"""

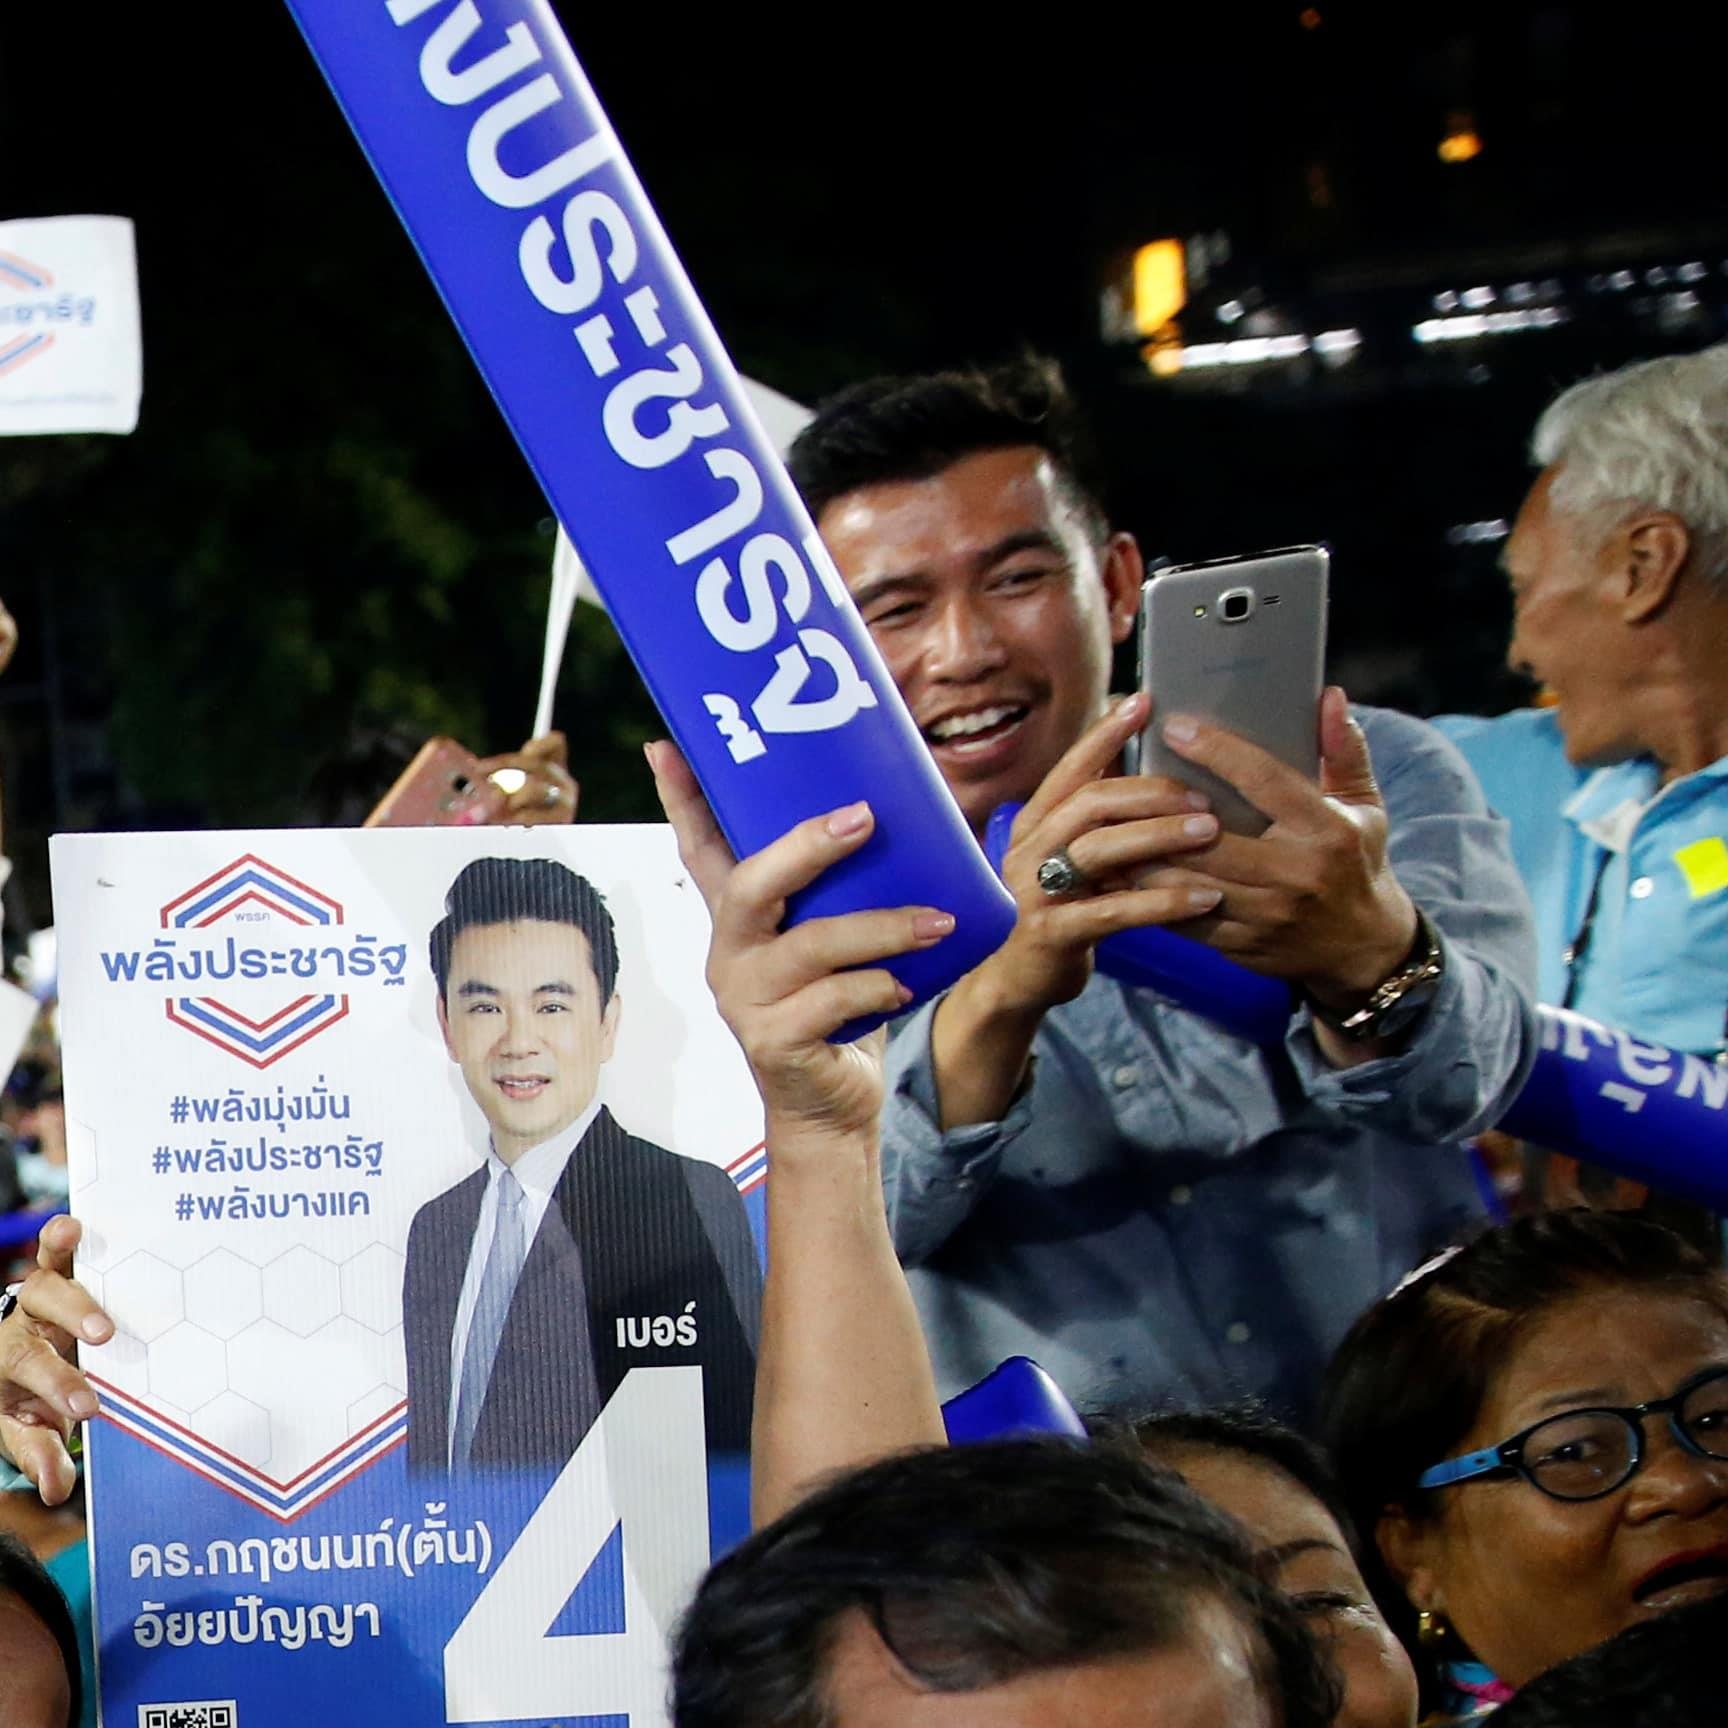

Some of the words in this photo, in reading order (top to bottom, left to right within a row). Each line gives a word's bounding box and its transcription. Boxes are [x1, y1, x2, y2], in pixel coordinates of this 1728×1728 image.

[386, 0, 880, 766] งประชารัฐ
[100, 934, 408, 987] พลังประชารัฐ
[170, 1075, 351, 1134] #พลังมุ่งมั่น
[151, 1135, 384, 1177] #พลังประชารัฐ
[175, 1185, 370, 1222] #พลังบางแค
[616, 1300, 698, 1349] เบอร์
[130, 1502, 493, 1583] ดร.กฤชนนท์(ตั้น)
[133, 1595, 381, 1651] อัยยปัญญา
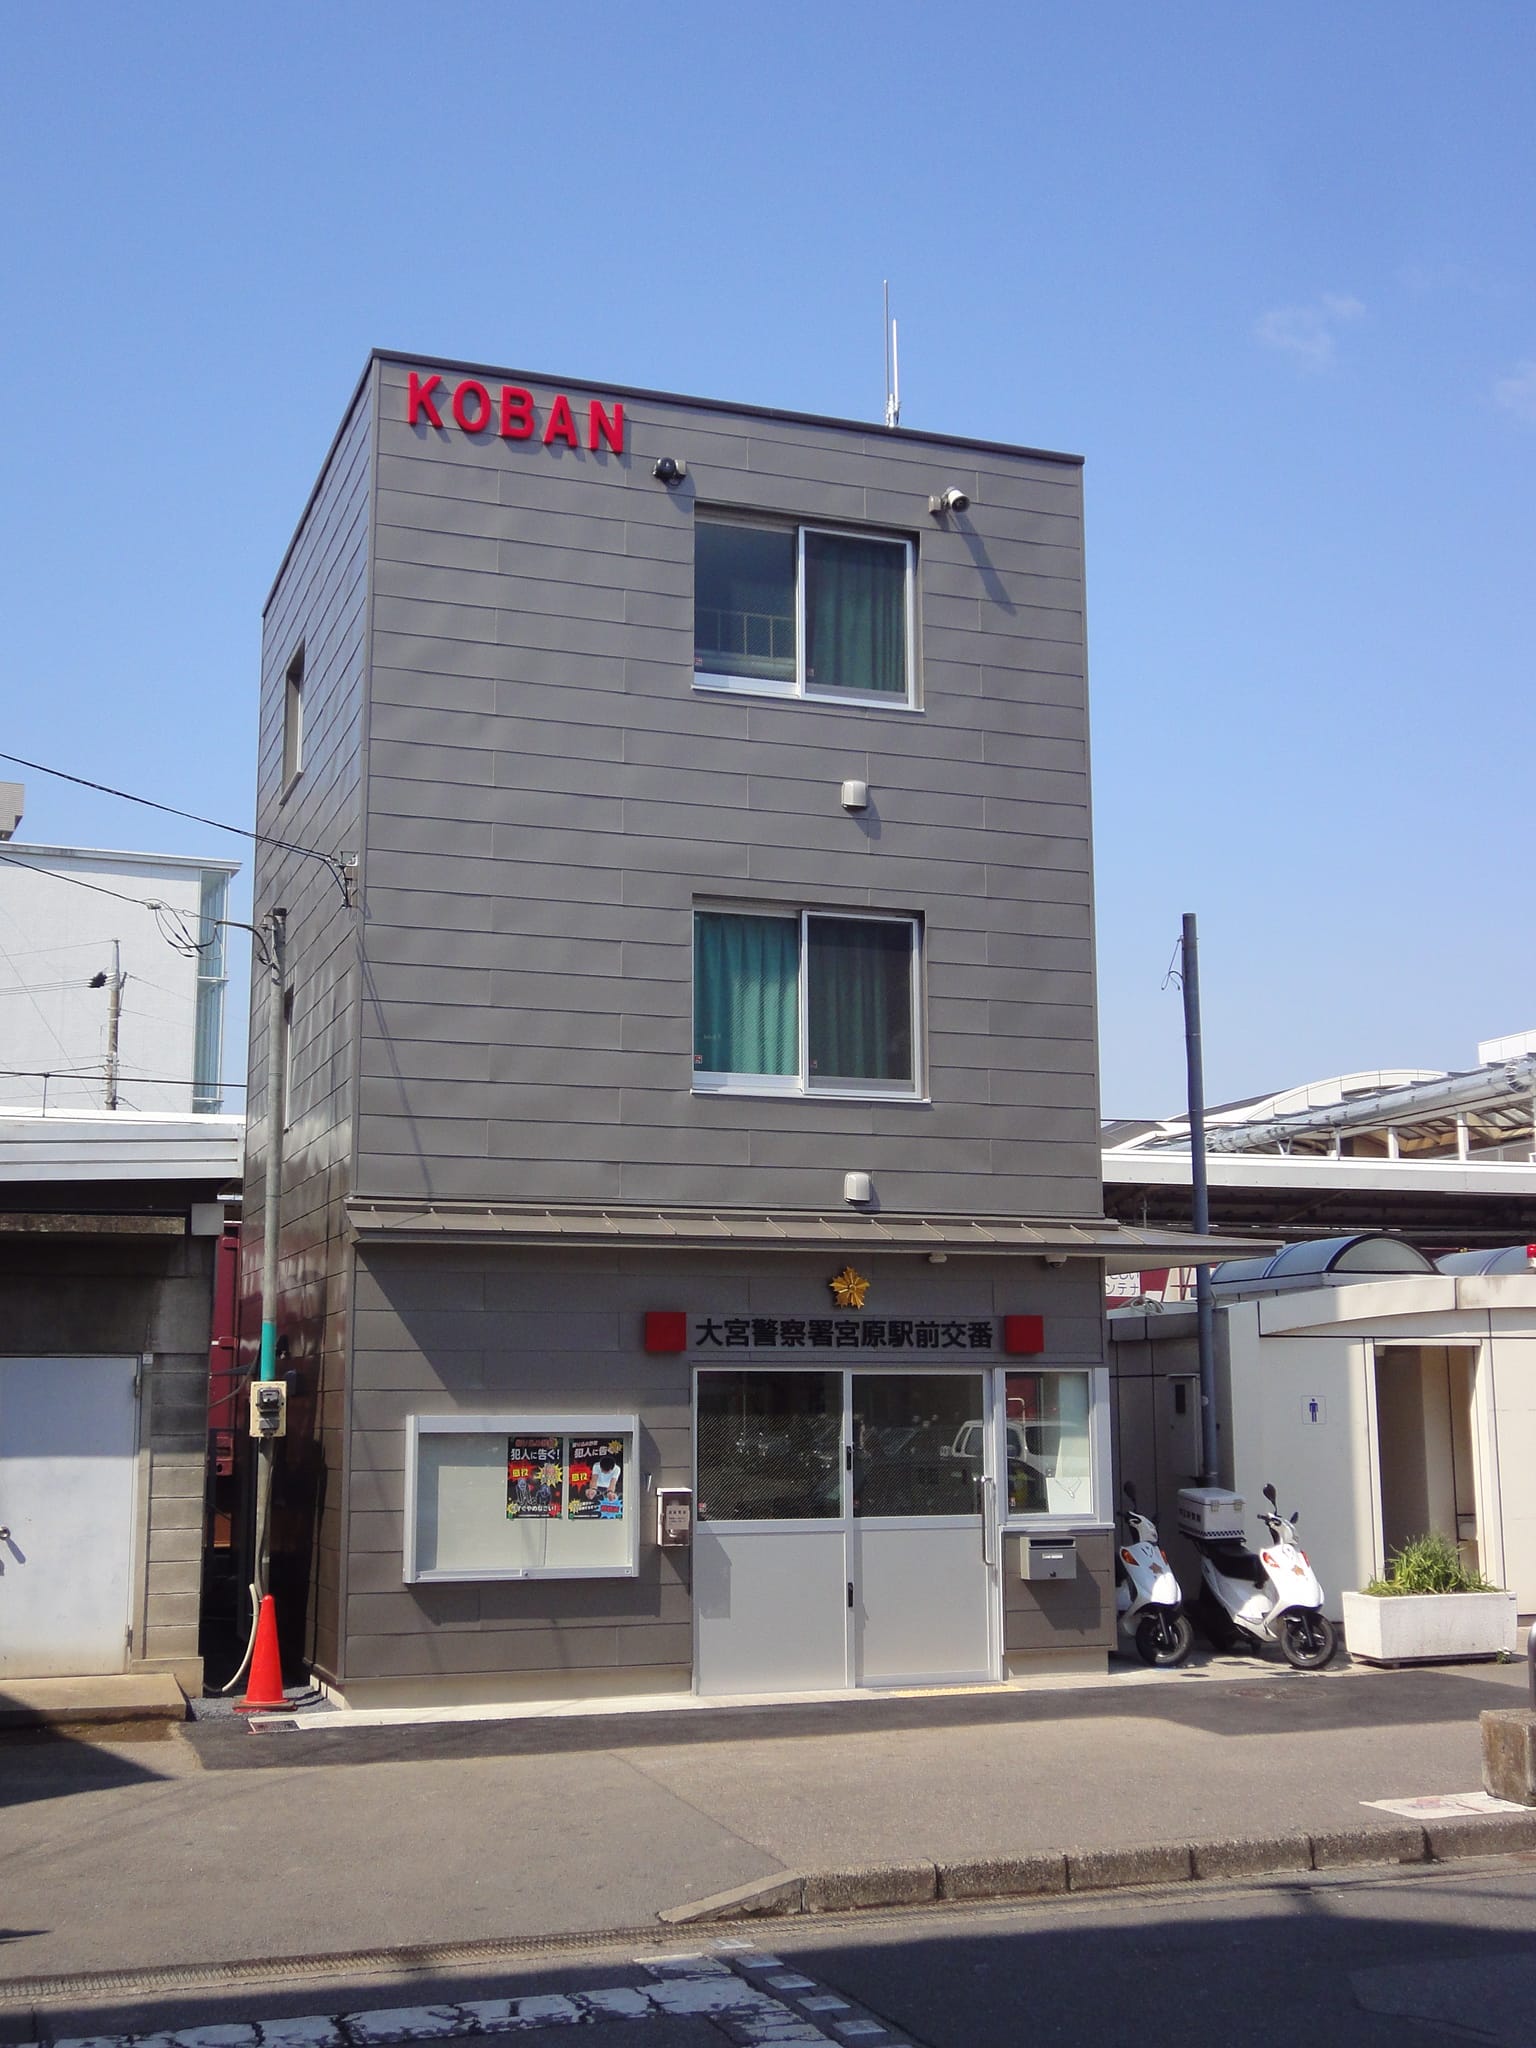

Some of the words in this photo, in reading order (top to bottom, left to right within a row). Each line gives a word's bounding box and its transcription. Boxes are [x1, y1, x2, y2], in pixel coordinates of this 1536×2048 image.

[408, 371, 623, 453] KOBAN
[695, 1317, 993, 1349] 大宮警察署宮原駅前交番

"""

Could you return the whole listing exactly, images excluded?

[Answer]
Some of the words in this photo, in reading order (top to bottom, left to right within a row). Each line gives a word's bounding box and its transcription. Boxes are [x1, y1, x2, y2], in pixel coordinates of this 1728×1728 image.

[386, 0, 880, 766] งประชารัฐ
[100, 934, 408, 987] พลังประชารัฐ
[170, 1075, 351, 1134] #พลังมุ่งมั่น
[151, 1135, 384, 1177] #พลังประชารัฐ
[175, 1185, 370, 1222] #พลังบางแค
[616, 1300, 698, 1349] เบอร์
[130, 1502, 493, 1583] ดร.กฤชนนท์(ตั้น)
[133, 1595, 381, 1651] อัยยปัญญา

Some of the words in this photo, in reading order (top to bottom, left to right within a row). Each line gives a word's bounding box and its transcription. Boxes are [x1, y1, x2, y2], in pixel coordinates of this 1536×2048 image.

[408, 371, 623, 453] KOBAN
[695, 1317, 993, 1349] 大宮警察署宮原駅前交番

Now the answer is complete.